We waited, and waited, and waited....

My gum lost its flavor, so I threw it away. I got cold and decided to put my shirt back on. I figured if the doctor wanted to use the stethescope, he didn't need me in a gown for that.

Finally he ducked in and asked if we'd seen Lita. Sure, uh, about an HOUR ago. He asked briefly how I was and then said he'd come back with her.

When they got back, and the doctor talked about how the "numbers are down" and that things are looking very good. He was talking about the presence of protein markers which indicate tumor activity: tumor activity is down, so I am getting healthier. He is a little bit concerned about the nausea, and ordered an MRI of the brain to rule out tumors there. "A hundred dollars on it being nothing," he said (or something like it.)

This makes me nervous. I have beaten stupider odds. But surely the universe would not do this to me again--that would just be cruel. They just have to rule it out. I hope they're ruling it out. "I'd stay and talk, but you're doing well and I need to go help the sick people," he said, and left.

So Lita suggested seeing if the MRI people I was going to see this morning could add another MRI.

I had to be at the hospital today at 5:30 a.m. Laugh uproariously, all ye who know how much of a morning person I am not.

They did add the other MRI, but it totally ruined my whole shtick about pretending to be a photon torpedo. They put stabilizer pads by my head and then affixed a thing that was more like The Man in the Iron Mask than Star Trek. It ruined my concentration and made me all tense. Then just as the test was beginning I suddenly realized I had totally forgotten to take my wedding band off. Was I wearing any metal? Duh....I thought for sure I had remembered everything. I could feel it buzzing to the MRI pulse and hoped that the machine wasn't going to explode or zap my ring finger off or anything like that.
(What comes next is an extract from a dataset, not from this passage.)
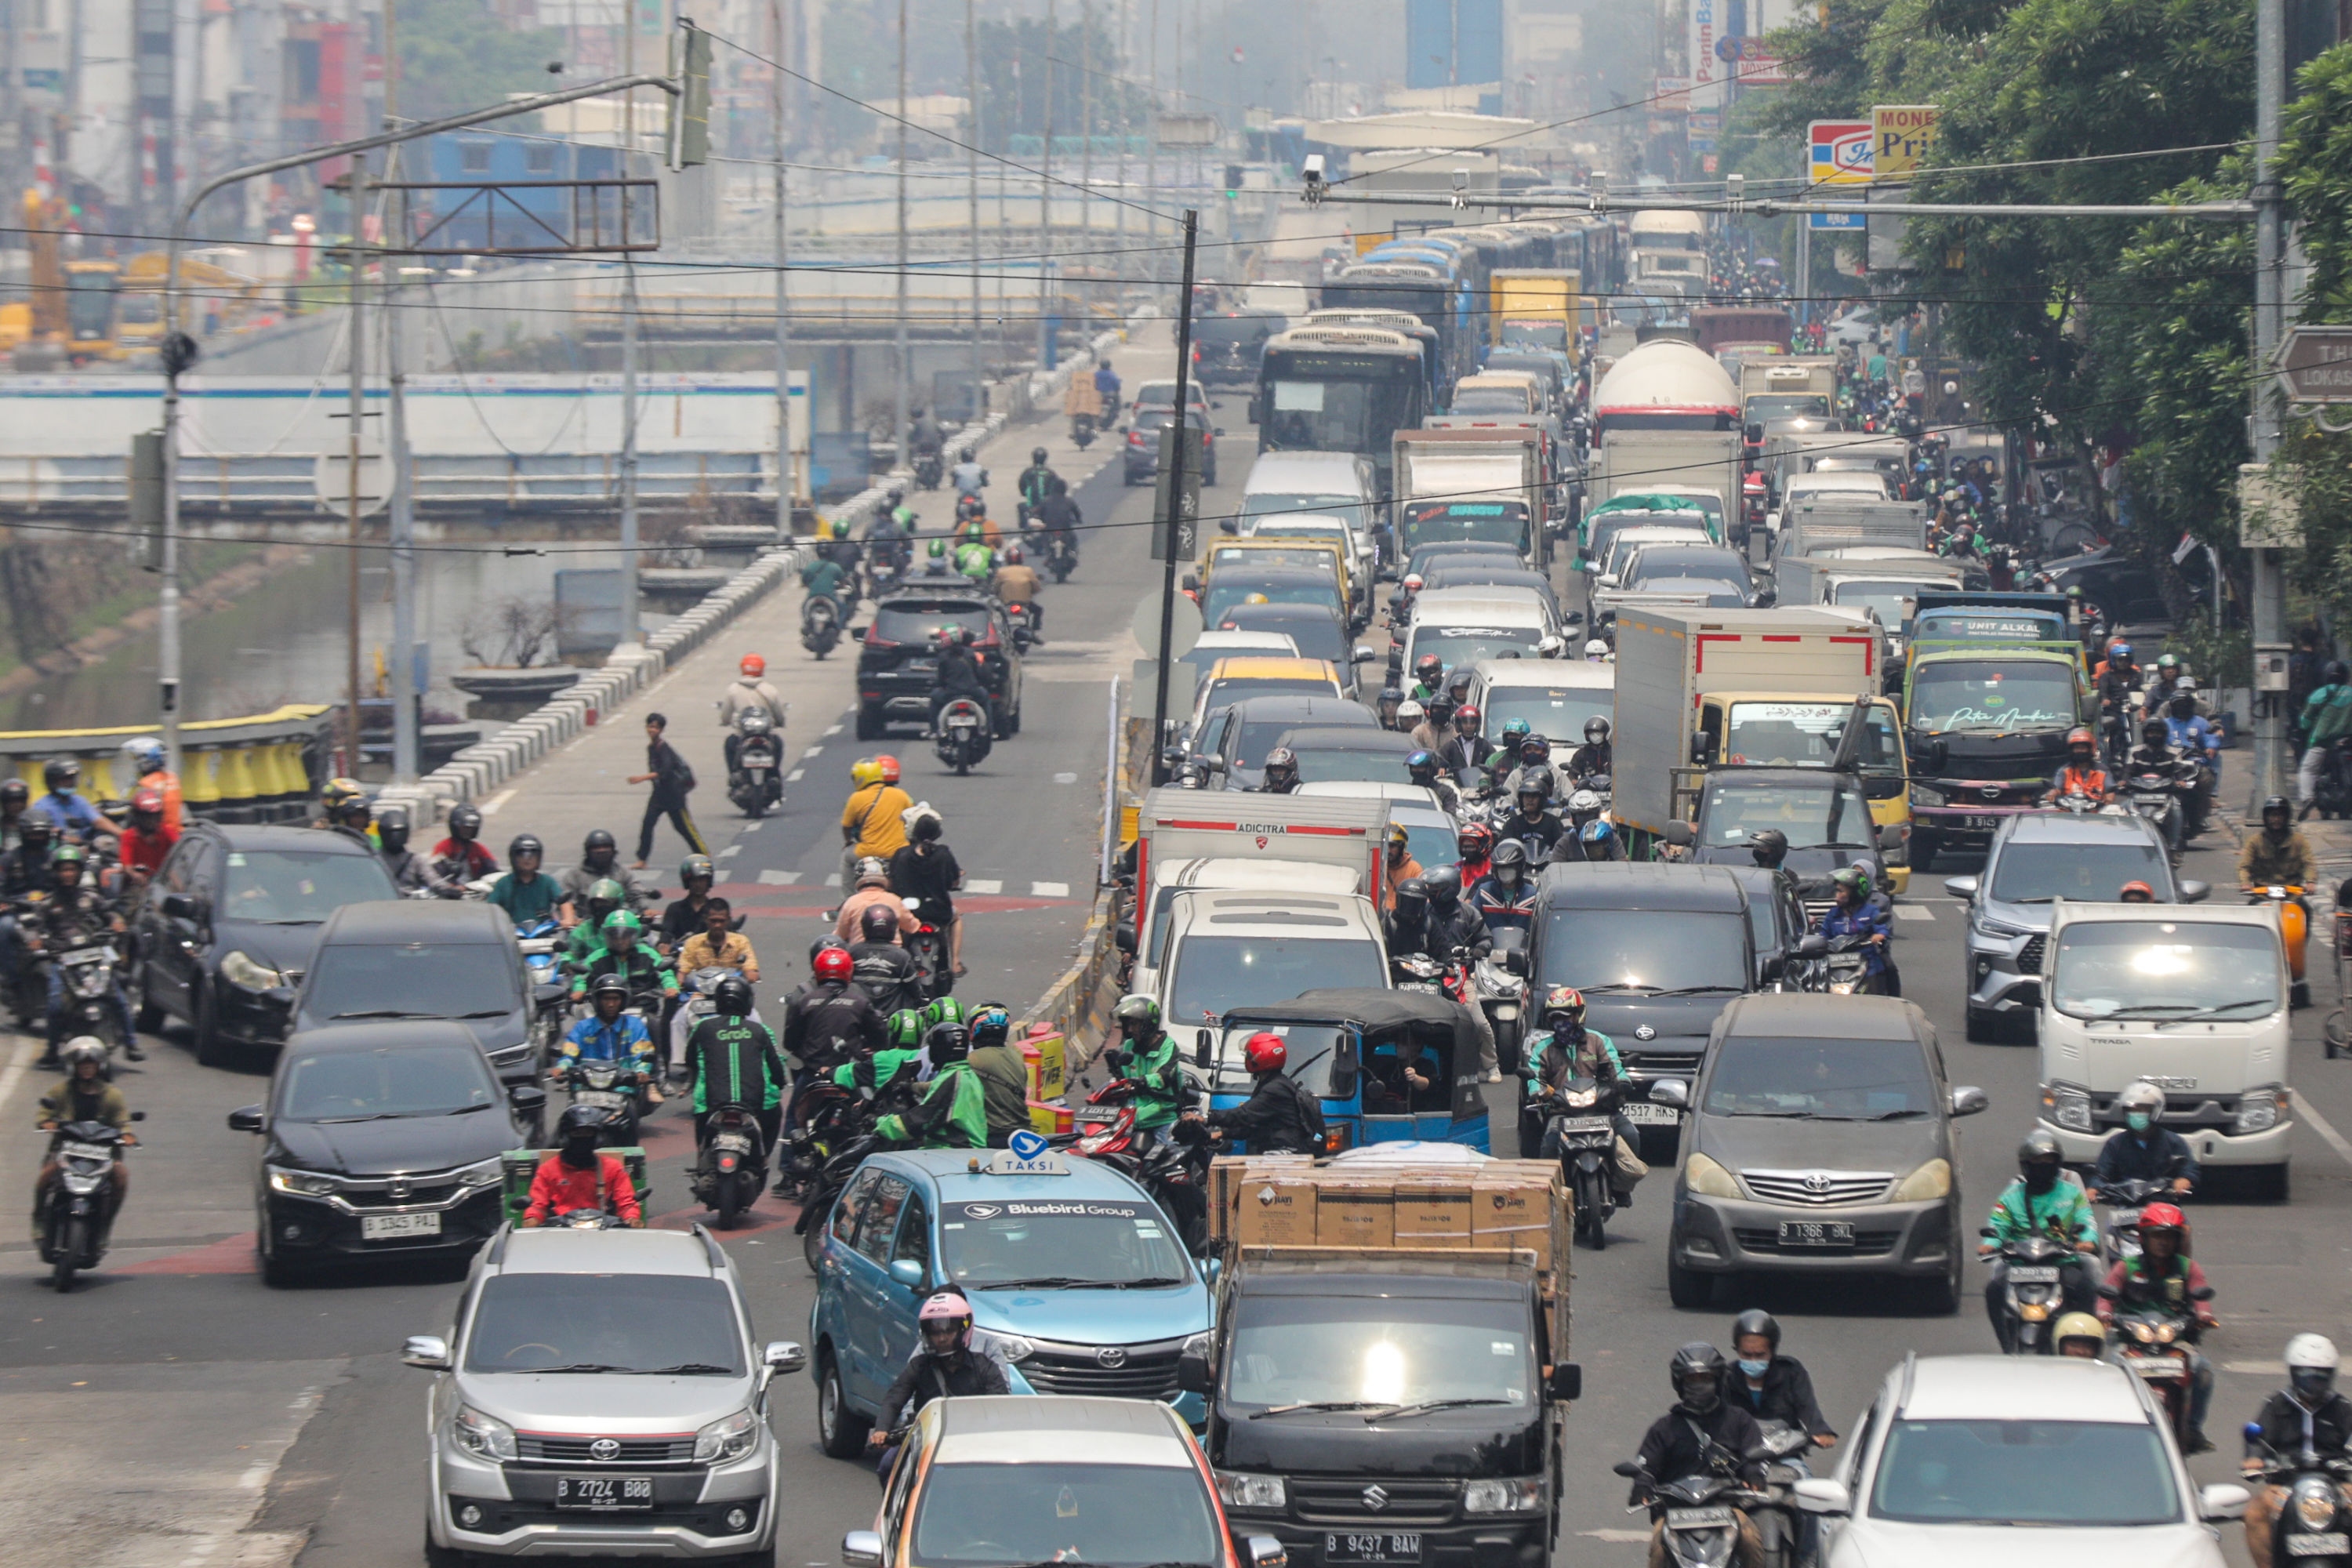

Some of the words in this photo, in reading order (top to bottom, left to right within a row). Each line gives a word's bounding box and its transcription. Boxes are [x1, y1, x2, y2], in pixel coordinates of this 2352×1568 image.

The CT scan was over very quickly; it was just of the neck. The original CT and MRI scans were prescribed by Dr. Rodriguez, who wanted to investigate why I've been getting some numbness in my hands when my head turns a certain way. (I'm guessing "pinched nerve," but I'm not the doctor.) So after this morning, I had to go back to Ann Arbor in the afternoon to see her. She asked how I was, inquired about my movement, measuered my legs when I complained one feels shorter than the other, and wrote out a new prescription for physical therapy, suggested a driving evaluation when I asked about that, and told me that I can have an appointment with orthotist? Orthotician?

I have to get an orthotic wedge in my shoe. Sigh. At least this will help with the limping. I guess a wedge is better than having to get orthopedic shoes. My mom had to wear those when she was younger and the result was a woman with a full-blown shoe fetish that has yet to wane.